Returns the current indexing progress — useful for progress monitoring or health checks before running search.

Example Response

{
"data": {
"totalRecords": 1840,
"indexedRecords": 1234
},
"success": true
}

Waiting for an index to become ready

For managed indexes, backfill runs asynchronously. Poll GET /api/v1/ai/indexes until status is ready:

# Shell polling loop
while true; do
STATUS=$(curl -s https://api.rushdb.com/api/v1/ai/indexes \
-H "Authorization: Bearer $RUSHDB_API_KEY" | \
jq -r '.data[] | select(.id == "idx_abc123") | .status')
echo "Status: $STATUS"
if [ "$STATUS" = "ready" ]; then break; fi
if [ "$STATUS" = "error" ]; then echo "Index entered error state" && exit 1; fi
sleep 3
done

Or in JavaScript:

async function waitForIndexReady(apiKey, indexId, timeoutMs = 90_000) {
const deadline = Date.now() + timeoutMs
while (Date.now() < deadline) {
const res = await fetch('https://api.rushdb.com/api/v1/ai/indexes', {
headers: { Authorization: `Bearer ${apiKey}` }
})
const { data: indexes } = await res.json()
const idx = indexes.find(i => i.id === indexId)
if (idx?.status === 'ready') return
if (idx?.status === 'error') throw new Error('Index entered error state')
await new Promise(r => setTimeout(r, 3_000))
}
throw new Error('Index did not become ready in time')
}

Multiple indexes on the same property

You can have more than one index per (label, propertyName) pair, provided the signature differs (sourceType, similarityFunction, or dimensions):

# Cosine index
curl -X POST https://api.rushdb.com/api/v1/ai/indexes \
-H "Content-Type: application/json" \
-H "Authorization: Bearer $RUSHDB_API_KEY" \
-d '{"label": "Product", "propertyName": "description", "similarityFunction": "cosine", "dimensions": 768}'

# Euclidean index on the same property
curl -X POST https://api.rushdb.com/api/v1/ai/indexes \
-H "Content-Type: application/json" \
-H "Authorization: Bearer $RUSHDB_API_KEY" \
-d '{"label": "Product", "propertyName": "description", "similarityFunction": "euclidean", "dimensions": 768}'

When searching or writing vectors against a property with multiple indexes, specify similarityFunction to disambiguate.

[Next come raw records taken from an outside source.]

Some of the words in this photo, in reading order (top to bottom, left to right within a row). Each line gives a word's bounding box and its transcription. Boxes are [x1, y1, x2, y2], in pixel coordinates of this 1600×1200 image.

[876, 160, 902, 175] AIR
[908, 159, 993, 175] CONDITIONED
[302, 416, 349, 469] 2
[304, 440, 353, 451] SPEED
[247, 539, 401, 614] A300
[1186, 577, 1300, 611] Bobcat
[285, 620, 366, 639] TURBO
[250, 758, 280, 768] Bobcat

See Advanced Indexing for details.


Index response shape

{
"id": "string",
"projectId": "string",
"label": "string",
"propertyName": "string",
"modelKey": "string",
"sourceType": "managed | external",
"similarityFunction": "cosine | euclidean",
"dimensions": 1536,
"vectorPropertyName": "string",
"enabled": true,
"status": "string",
"createdAt": "string",
"updatedAt": "string"
}

String Array Properties

List<String>

String array properties are supported. Each item in the array is embedded individually, then mean-pooled into a single vector stored on the relationship.